In most cases, an application includes at least one thing that identifies the person as a member of a protected class. A person’s name tells you their sex 99% of the time. Just as knowing job history is relevant to assessing a candidate, a potential employer has to know the name of their potential employee. I have never heard anyone suggest that needing to ask applicants their name somehow exposes an employer to liability. Job history seems more akin to asking a name then, say, asking applicant their race.

Assuming the word "solely" means what I think it means, it should be pretty easy for an employer to come up with a reason besides employment status to not hire someone. If people who don’t have work aren’t being hired simply because they aren’t currently employed, I don’t have a problem with legislation to address the problem. It will be somewhat odd to have a cause of action, besides whistle-blowing, where the discrimination isn’t based on some immutable trait.

TORVIK:  You are of course correct that firms can usually learn about some suspect classifications based on information that they have to ask. But it is also true that one way firms insulate themselves from bogus claims is trying not to ask questions that would elicit such information. I remember being instructed at Dorsey not to ask about marital status during interviews of potential associates -- even though it of course would often come out anyhow. 

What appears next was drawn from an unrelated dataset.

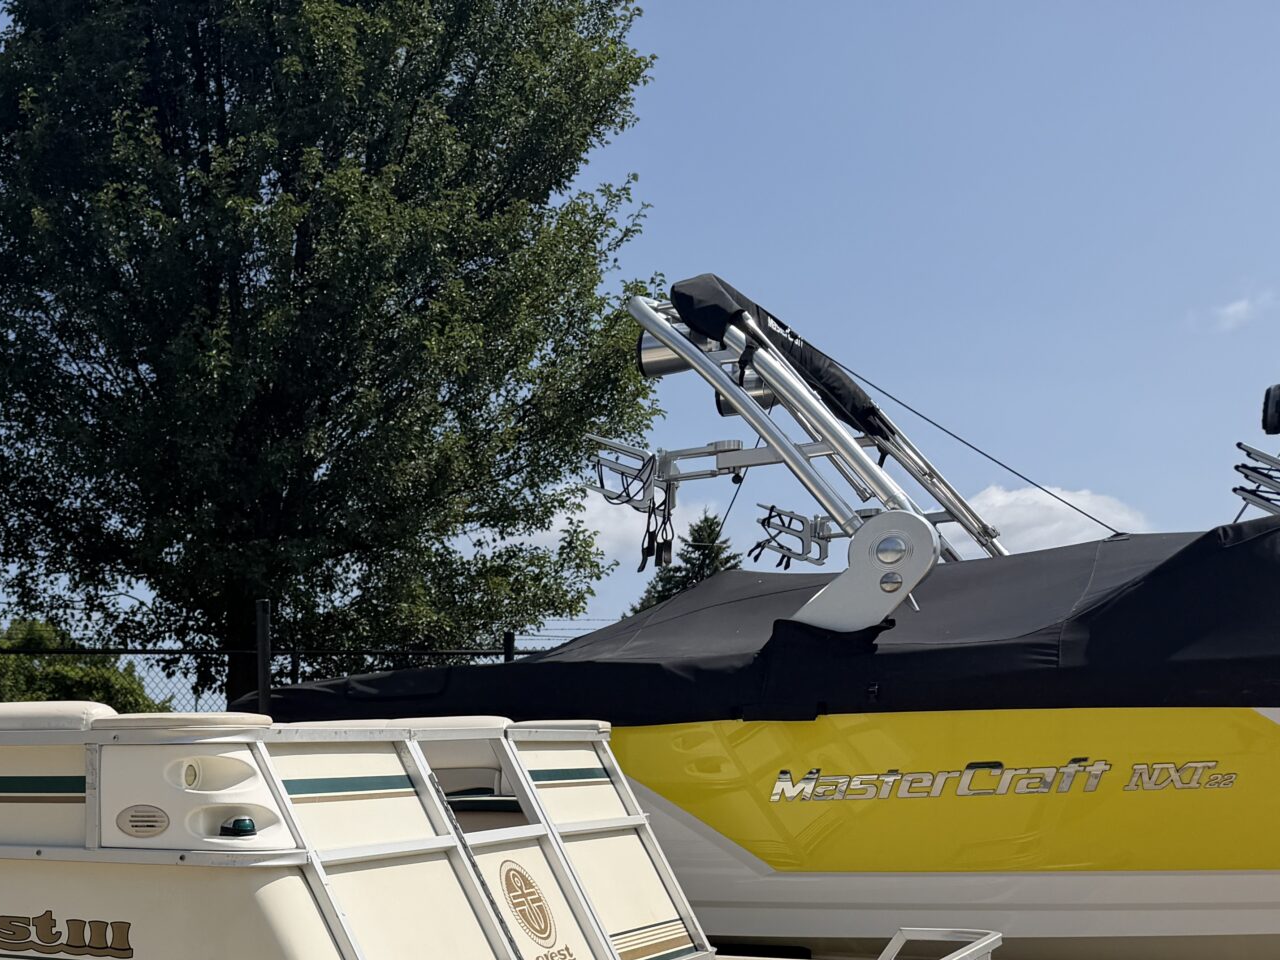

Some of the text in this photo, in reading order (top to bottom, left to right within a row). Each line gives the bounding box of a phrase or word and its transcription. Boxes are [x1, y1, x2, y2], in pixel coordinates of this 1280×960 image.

[769, 757, 1237, 802] MasterCraft NXT 22

So I take your point that this particular aspect -- the inability for firms to shield themselves from the knowledge of the suspect classification -- isn't a deal killer for the bill because we already have other suspect classifications, like race, where the same thing is true. And I don't particularly have a problem with the idea that firms shouldn't refuse to hire people solely because they're unemployed. But I think the bill has some issues in practice. As you mention, it seems like an impossible claim to prove. How would someone even go about it?  I guess you'd have to show first that they hired somebody who already had a job. Then the employer is going to say something like, "we hired that guy because he had a better work history."  Surely that's still an acceptable basis on which to discriminate among applicants. And then the plaintiff would have to show that even though he had been unemployed he had a superior work history to the other guy/gal.

In other words, I think this bill is just pointless -- it won't do anything because it can't do anything. It's just for show.

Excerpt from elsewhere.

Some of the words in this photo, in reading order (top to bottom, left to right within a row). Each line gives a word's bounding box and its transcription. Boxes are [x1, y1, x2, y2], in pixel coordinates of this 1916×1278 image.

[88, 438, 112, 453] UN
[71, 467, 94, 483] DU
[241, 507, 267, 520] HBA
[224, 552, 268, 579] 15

I guess the one thing it could do is to prevent firms from making it a formal requirement that applicants be employed. Maybe that's the only point. But the side effect is going to be frivolous lawsuits, which I don't think are going to do much for the economy -- since the only way to prevent such lawsuit entirely is not to try to hire anybody...

GILLETTE:  Since fear of lawsuits under Title VII, the ADEA, the ADA, and various state employment laws doesn’t seem to inhibit employers from hiring, I doubt this new bill (in the unlikely event that it passes) will either. That said, I am sure that opponents of the bill will rely on similar reasoning.

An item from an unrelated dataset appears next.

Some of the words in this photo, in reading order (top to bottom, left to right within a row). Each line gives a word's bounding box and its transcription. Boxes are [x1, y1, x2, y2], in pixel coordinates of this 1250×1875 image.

As for how claims would be proved, I assume Court would simply adopt the McDonell Douglas test to the new law:
  1. Unemployed plaintiff is applies, and is qualified for, the position;
  2. Unemployed plaintiff is rejected for the position;
  3. Employer hires an already employed applicant for the position (or continues to seek applicants for the position);
  4. If 1-3 are met, then there is a presumption of discrimination and the employer must offer a legitimate non-discriminatory reason for hiring someone else (or continuing to look for applicants). If the employer does so, then the presumption of discrimination dissipates;
  5. If the employer offers a legitimate non-discriminatory reason, the plaintiff must present facts to show an inference of discrimination. The plaintiff may do so either by showing that the defendant’s explanation is only a pretext for discrimination. I am not sure your superior qualifications argument would necessarily work in meeting this third stage as qualifications are often subjective and an employer is allowed to be wrong in their subjective assessments of performance. Courts are usually reluctant to second guess HR decisions absent a very compelling reason to do so. 

As for whether the bill is pointless because employers will find ways to circumvent the law, I do not agree with that. Presumably in 1964, a lot of people said the same thing about Title VII—that it can’t prevent discrimination, can’t change minds, and will only stop employers from explicitly refusing to hire on the basis of sex, race, religion, and national origin but won’t prevent them from hiring the way they want to hire. In 2011, however, I don’t think you would find many people who would say that Title VII didn’t work. Employment opportunities for women and minorities are much better than they were 50 years ago.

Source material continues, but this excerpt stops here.